左からマイキーことマイケル・ライス、マイク・プライド、クリス・ヤング photo:Makoto.AYANO
ボリューミーなエアロフォルムを纏ったブランド2作目となるニューモデル「RERE」とともに、CHAPTER2(チャプター・ツー)代表のマイク・プライド氏も来日。18日夜、東京・北参道のRapha Tokyoでプレゼンテーションが行われた。
CHAPTER2 RERE photo:Makoto.AYANO
REREとはマオリ語で”流れ”を意味しており、エアロダイナミクスを突き詰めたモデル。マオリとのハーフであるマイク氏のアイデンティティを表したデザインも大きな特徴で、ブラック基調のエッセンシャルモデルには独特の文様もあしらわれる。会場にはマイク氏の愛車を含めた3台のREREがディスプレイされた。
初作のTEREが「コンパクトエアロ」と銘打ったオールラウンドモデルであるのに対し、ピュアエアロロードとして生み出されたREREはエアロに関する知識と経験をフルに導入し設計された。
マット&グロスフィニッシュのカーボンはマーブル模様のプリプレグだ
ニュージーランドの鉱石からとったターコイズグリーンとマオリの文様が入る
REREのコンセプトは「CHEAT THE WIND(風を欺く)」。翼断面形状やカムテール形状を用いたチューブシェイプ、ボリュームを持たせたダウンチューブやフロントフォーク、後輪に沿ったシートチューブなどにより空気抵抗を削減するべく設計され、マリンスポーツ関連メーカー時代からのパートナーであるオークランド大学の風洞実験施設で、あらゆるヨー角(風向)からの風に対する挙動をテストし、空力性能を煮詰めたという。現在主流となっている25〜25mmタイヤとマッチングの良いダイレクトマウントタイプブレーキが前後に採用され、フレームからの張り出しを抑えることでも空気抵抗を低減させている。
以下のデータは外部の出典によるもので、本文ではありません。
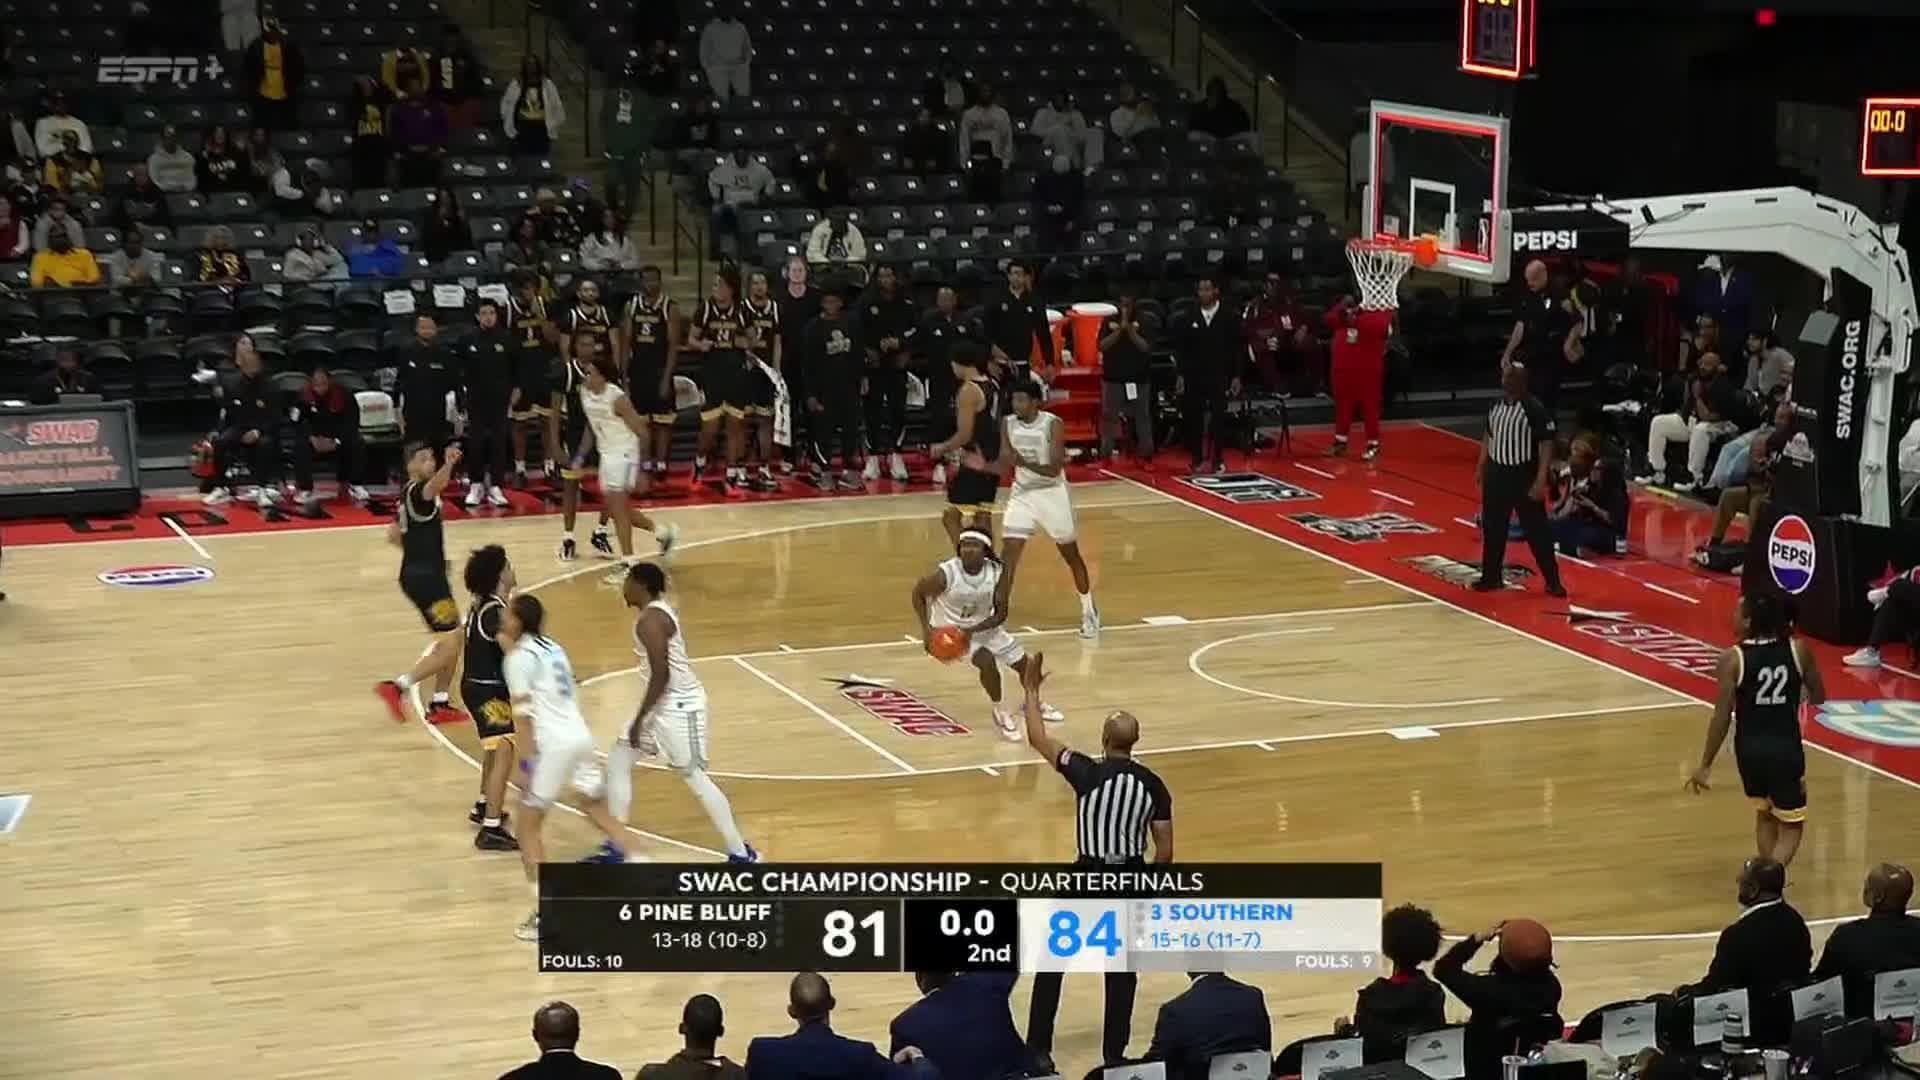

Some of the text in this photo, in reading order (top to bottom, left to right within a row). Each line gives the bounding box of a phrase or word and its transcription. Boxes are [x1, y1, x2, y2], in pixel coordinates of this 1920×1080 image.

[1870, 110, 1906, 132] 00.0
[1513, 230, 1577, 251] PEPSI
[1836, 320, 1860, 438] SWAC.ORG
[1772, 542, 1812, 568] PEPSI
[1755, 664, 1789, 705] 22
CHAPTER2 RERE ジロ・デ・イタリアをイメージした限定モデル photo:Makoto.AYANO
特徴的なのは空気を切り裂くヘッド周辺だ。フォーククラウンをヘッドチューブ側にオフセットさせたインテグレーテッドデザインを採用し、ダウンチューブ下部にはフロントホイールとの隙間を限りなく詰める造型により乱流を抑えスムーズな空気の流れを生み出す設計が採用される。ヘッドチューブ上部の造形もエアロに配慮し、フレームと同時に開発したモノコックハンドルのMANA(マナ)も発表された。
開発に18ヶ月かかったプロジェクトはオークランド大学による風洞実験で実証。オールラウンドモデルのTEREに対し、エアロバイクのREREは向かい風では最大18%程度空気抵抗を減らすことに成功しているという。しかし剛性や乗り心地は極力TEREと同じになるように留意して設計され、形状が大きく違えどもライドフィーリングは同一であるという。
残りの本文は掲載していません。